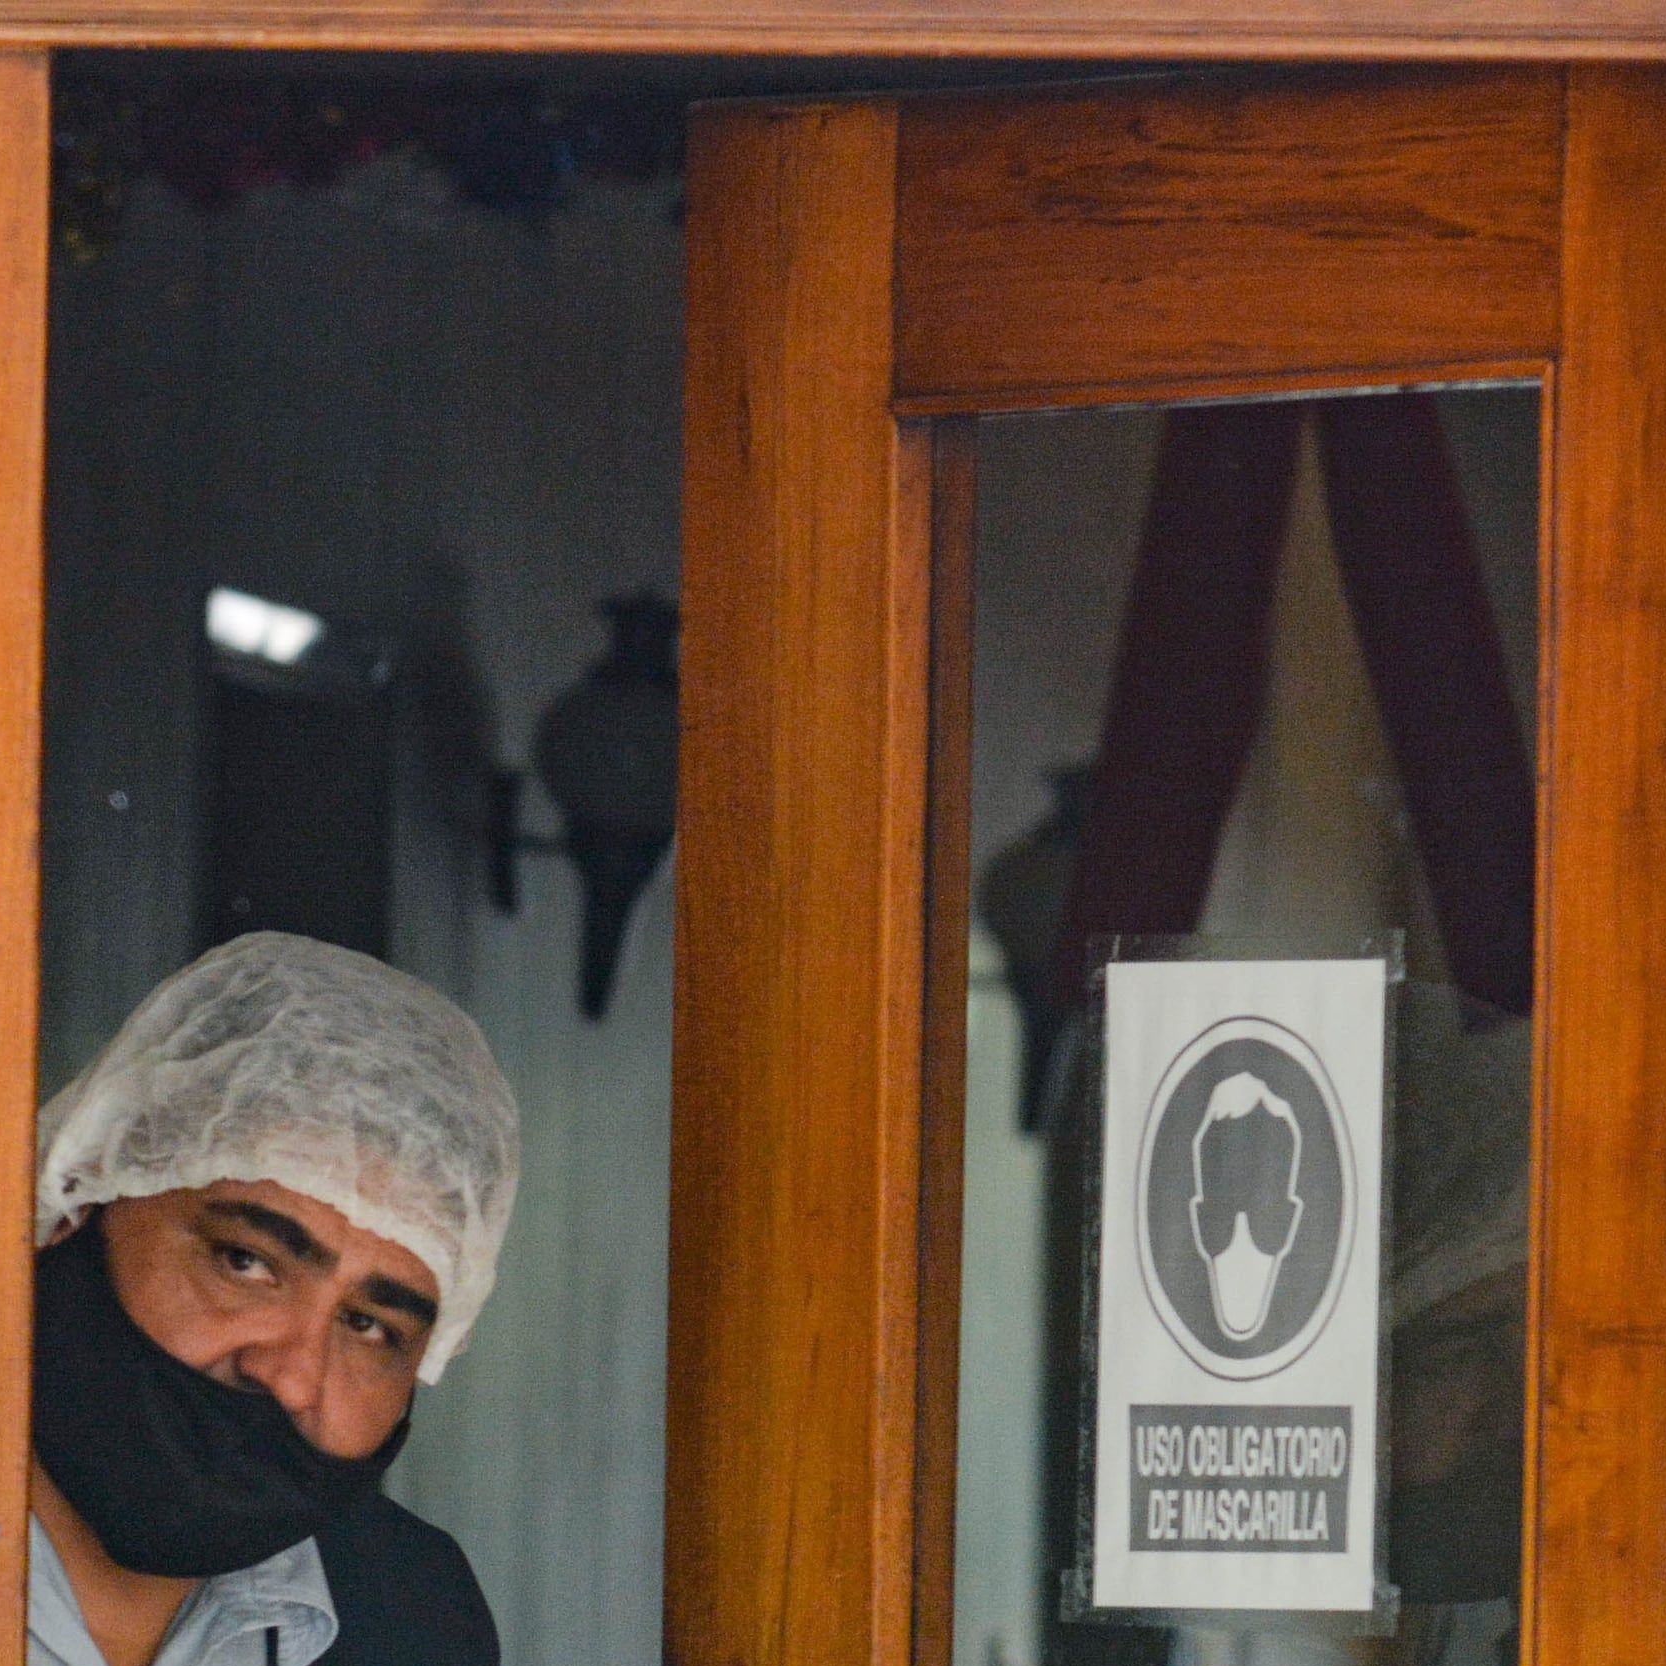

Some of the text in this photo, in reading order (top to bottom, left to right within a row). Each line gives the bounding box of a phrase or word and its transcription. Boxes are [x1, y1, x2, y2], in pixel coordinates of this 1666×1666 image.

[1136, 1425, 1347, 1479] USO OBLIGATORIO
[1147, 1489, 1330, 1541] DE MASCARILLA
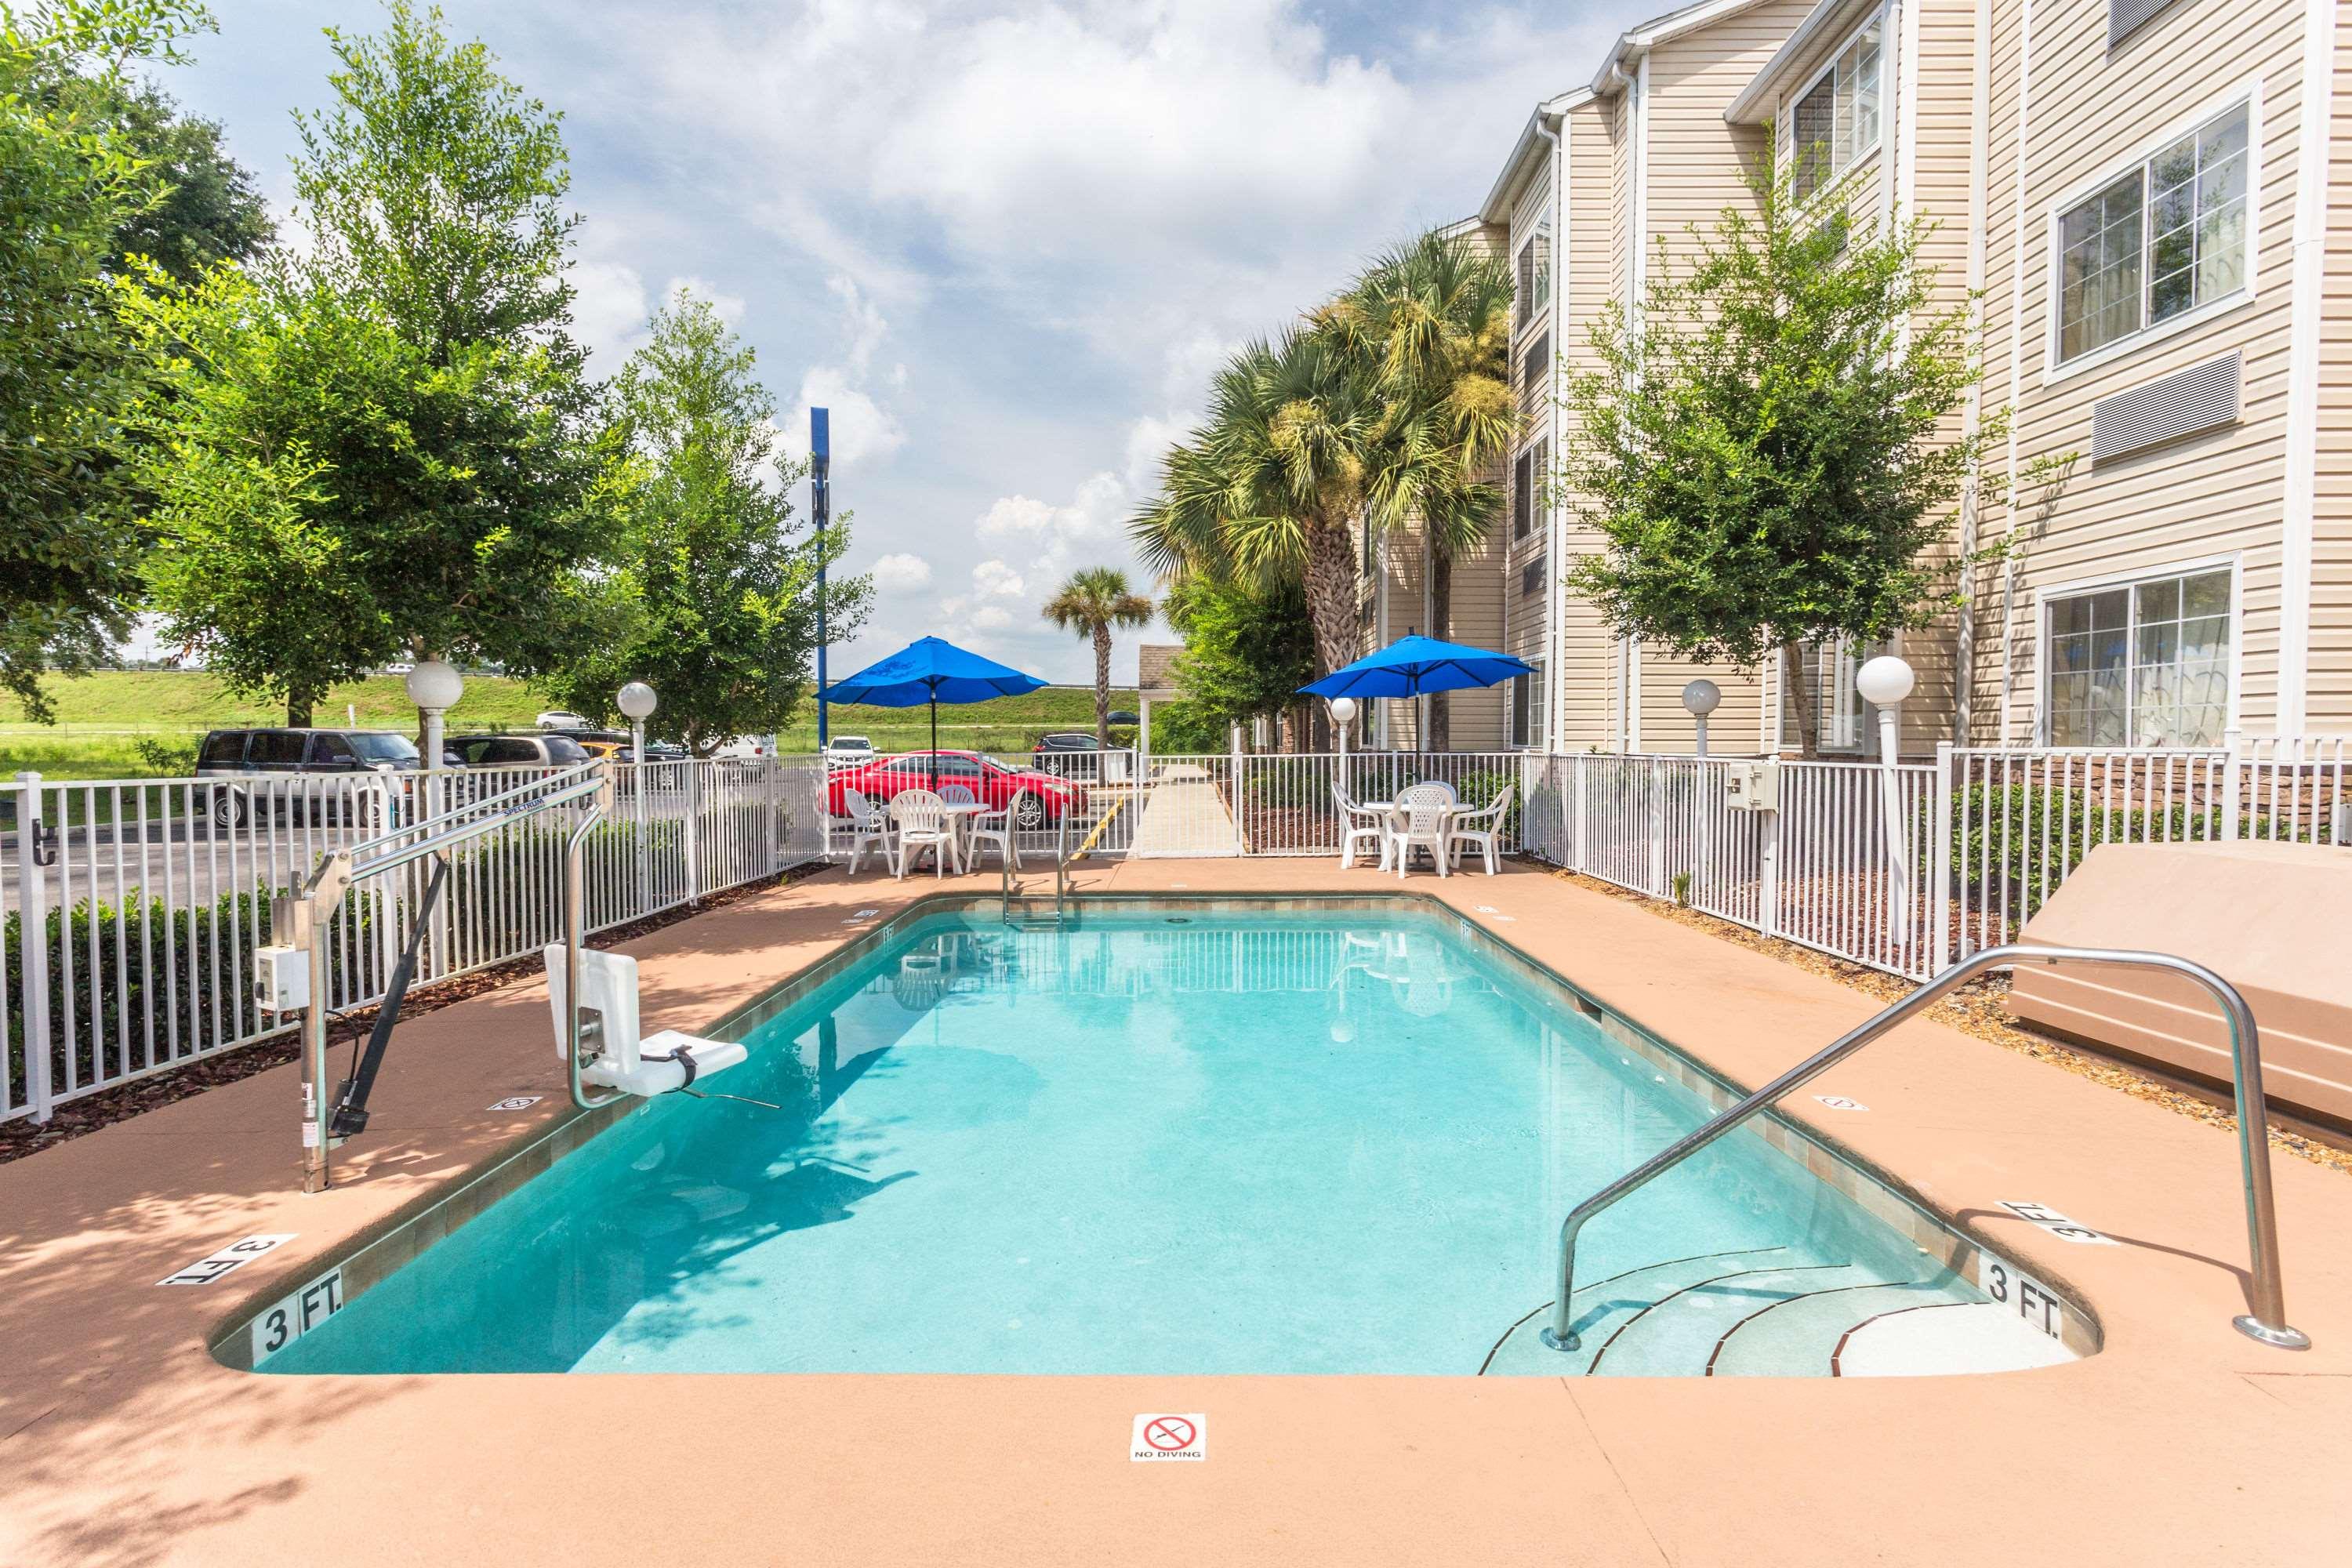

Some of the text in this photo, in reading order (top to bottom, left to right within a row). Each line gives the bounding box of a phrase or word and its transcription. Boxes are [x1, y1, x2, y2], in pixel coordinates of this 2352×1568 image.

[504, 798, 545, 816] SPECTRUM
[2002, 1202, 2096, 1239] 3 FT.
[165, 1240, 275, 1283] 3 FT.
[265, 1272, 342, 1352] 3 FT.
[1989, 1264, 2058, 1340] 3 FT.

★ ★ ★ ★ ★

PROBLEM REQUIREMENTS:
Everything in the entries above except the pictures should be given again exactly.

EXERCISE ANSWER:
Some of the text in this photo, in reading order (top to bottom, left to right within a row). Each line gives the bounding box of a phrase or word and its transcription. Boxes are [x1, y1, x2, y2], in pixel coordinates of this 1666×1666 image.

[1136, 1425, 1347, 1479] USO OBLIGATORIO
[1147, 1489, 1330, 1541] DE MASCARILLA

Some of the text in this photo, in reading order (top to bottom, left to right within a row). Each line gives the bounding box of a phrase or word and its transcription. Boxes are [x1, y1, x2, y2], in pixel coordinates of this 2352×1568 image.

[504, 798, 545, 816] SPECTRUM
[2002, 1202, 2096, 1239] 3 FT.
[165, 1240, 275, 1283] 3 FT.
[265, 1272, 342, 1352] 3 FT.
[1989, 1264, 2058, 1340] 3 FT.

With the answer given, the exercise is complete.